Des travaux d’économistes permettent de trancher ce débat. Le recours à des arguments historiques aurait pu paraître d’un secours aisé, puisque Mendras a bâti son modèle avant tout d’après l’analyse (historique comme empirique) de sociétés paysannes insérées soit dans un système assimilable au féodalisme, soit dans un système marchand pré-capitaliste. En revanche, les analyses des sociologues ruraux marxistes, développées dix à quinze ans plus tard, portaient sur des exploitations certes toujours qualifiables de paysannes mais insérées dans un système capitaliste actif et ayant par conséquent développé des modes d’interaction spécifiques, notamment en accroissant la commercialisation de leurs produits [Jollivet, 1974 : 245] : la différence de contexte aurait pu suffire à expliquer la divergence d’analyse. Toutefois, c’est justement la vertu des ruralistes marxistes d’avoir cherché à questionner le mode d’évolution historique de la paysannerie et ses déterminismes : leur point de départ historique est en définitive identique à celui qu’analyse Mendras.

En revanche du point de vue économique les objets observés justifiant de l’une ou l’autre posture diffèrent : Tchayanov comme Malassis bâtissent deux catégories d’exploitations et deux logiques productives, selon leur degré d’intégration au marché. Tchayanov [1990 : 133] distingue ainsi, d’après deux monographies, « l’exploitation paysanne quasi naturelle [qui] constitue un appareil économique isolé, peu lié socialement et économiquement avec le monde extérieur » de « l’exploitation paysanne […] déjà intégrée dans la circulation de l’économie mondiale. » La première satisfait l’essentiel des besoins de la famille grâce à l’auto-consommation de 32 produits différents, 87 % du revenu total est consommé en nature. La seconde n’auto-consomme que 10 produits différents et achète les autres, 60,4 % de la production est vendue, seul le reste est auto- consommé (ce qui reste encore considérable). D’autres monographies rassemblées par l’auteur montrent des situations intermédiaires. Dans la première exploitation, les produits ne sont pas interchangeables, la question de savoir lequel est le plus rentable ne se pose pas : seule compte la satisfaction optimale des besoins de la famille. Dans la seconde exploitation, l’activité productive perd son caractère qualitatif, la quantité devient prioritaire.

Malassis [1958], dans son ouvrage qualifié « d’excellent » par Duby [1977 : 221], distingue lui aussi trois grands secteurs de l’agriculture capitaliste [1958] : subsistance, artisanal ou paysan, capitaliste. Le premier se caractérise par la satisfaction directe des besoins et l’utilisation des disponibilités monétaires pour les besoins immédiats de la famille comme de l’exploitation, la seconde par l’objectif d’obtention de monnaie et la satisfaction directe de certains besoins et par une expansion de l’exploitation par auto-financement. (selon Malassis le secteur capitaliste est fondé sur un plus grand gain monétaire basé sur le calcul économique et sur une expansion de l’exploitation par recours au crédit).

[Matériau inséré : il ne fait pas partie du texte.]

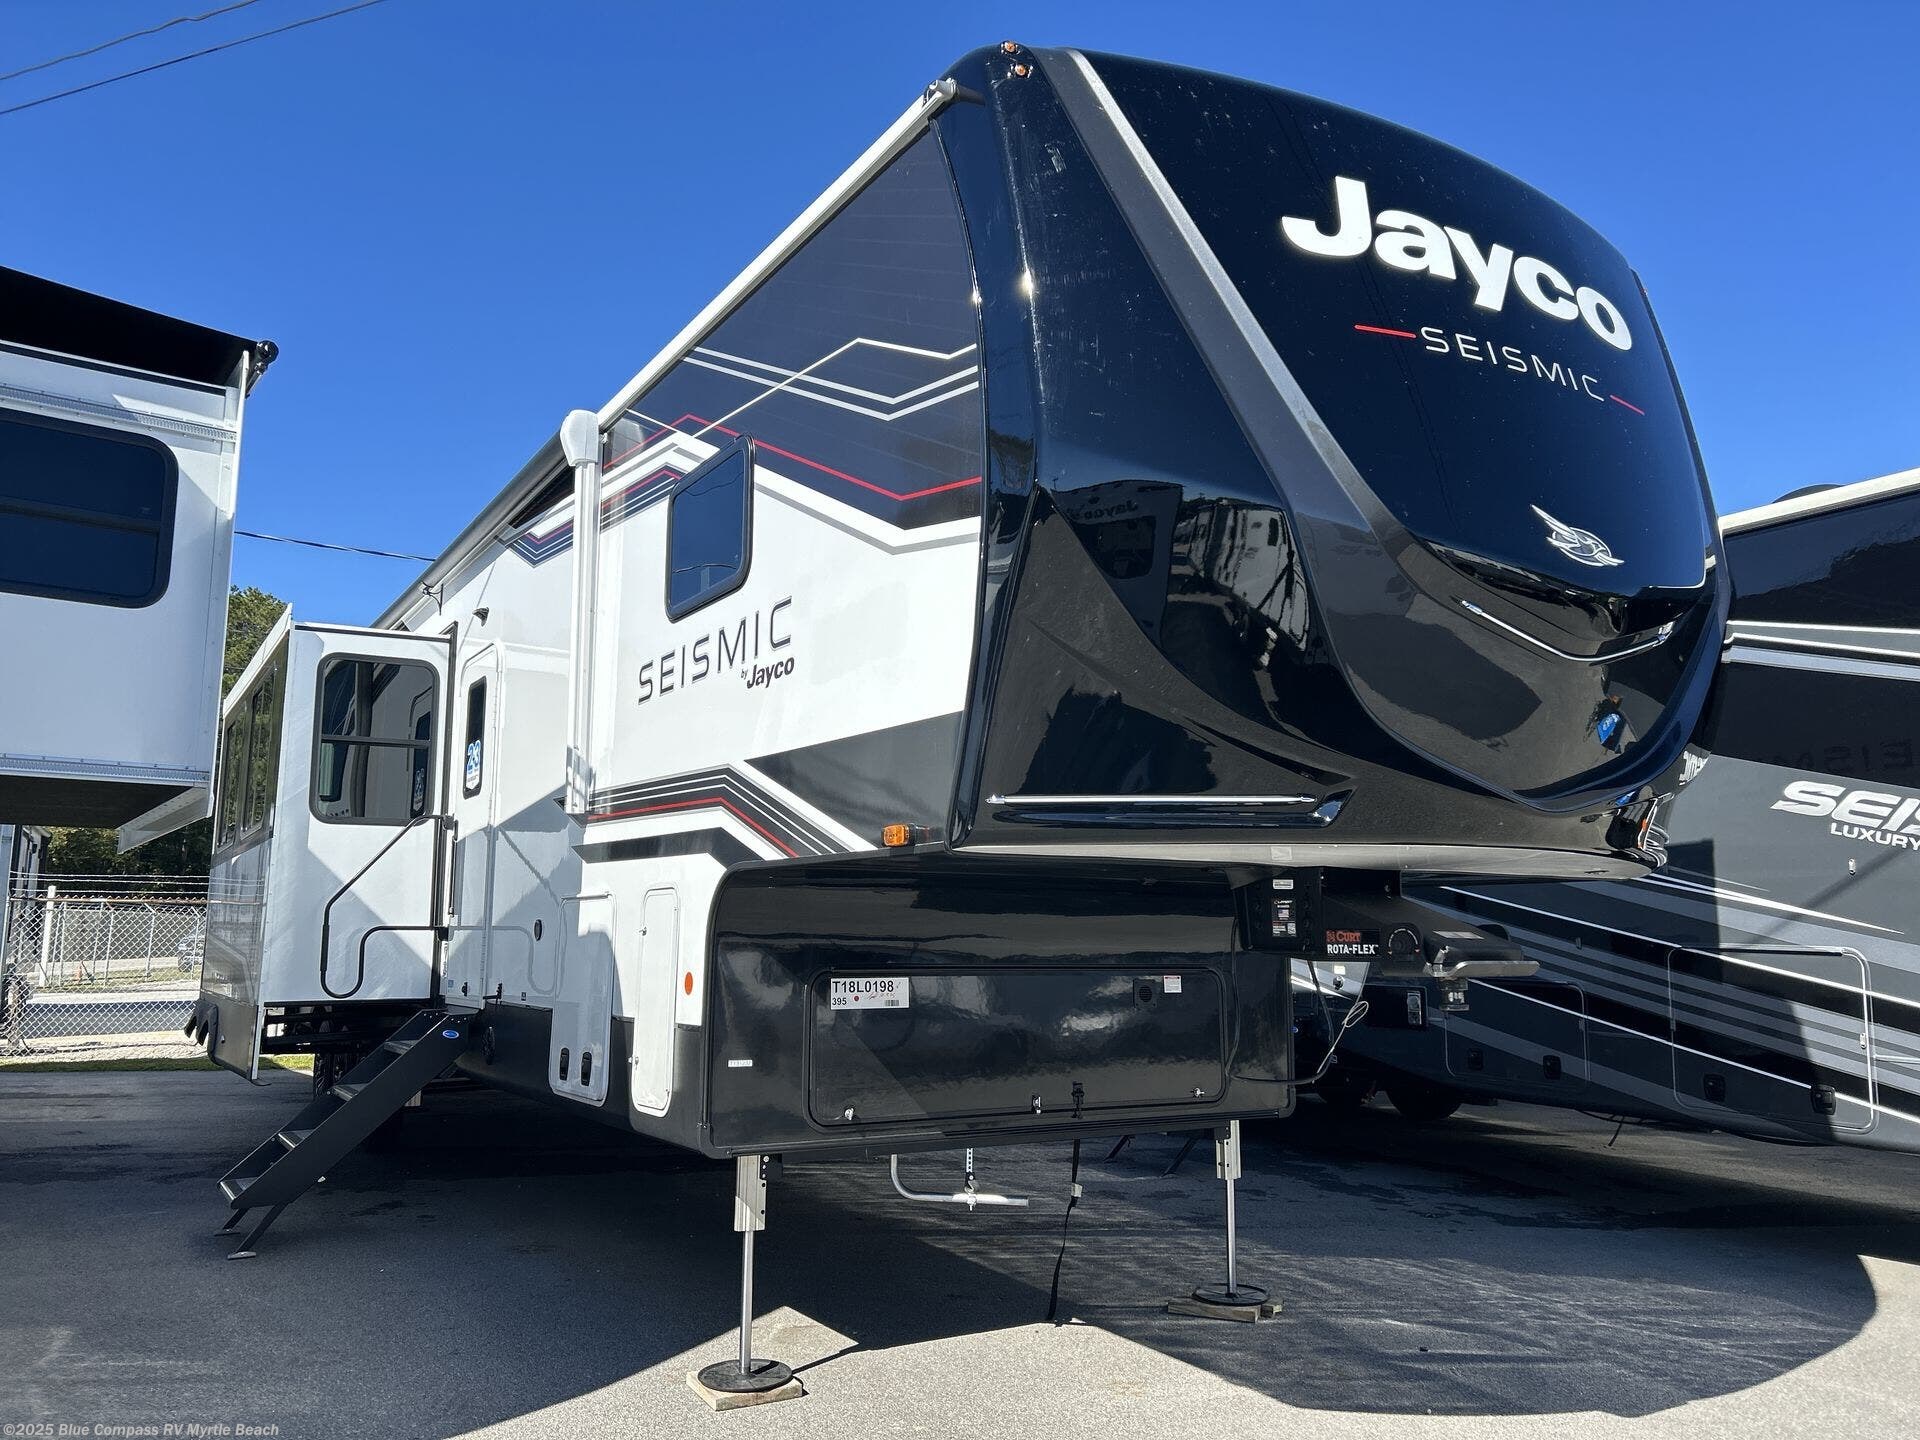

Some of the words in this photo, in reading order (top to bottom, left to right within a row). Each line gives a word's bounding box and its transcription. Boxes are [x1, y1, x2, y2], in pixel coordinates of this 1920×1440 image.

[1282, 176, 1632, 351] Jayco
[1421, 326, 1605, 402] SEISMIC
[638, 596, 793, 706] SEISMIC
[747, 657, 795, 689] Jayco
[1770, 780, 1920, 835] SEI
[1830, 822, 1920, 850] LUXURY
[832, 981, 894, 993] T18L0198
[832, 997, 848, 1006] 395

Le modèle de Mendras, du fait du principe d’autonomie qu’il met en avant, évoque surtout la première catégorie d’exploitations ou une catégorie d’exploitations évoluant partiellement seulement vers le second système. Le modèle de la petite production marchande de Servolin évoque un extrême de la seconde catégorie, où l’auto-consommation a presque complètement cédé la place à la commercialisation des produits.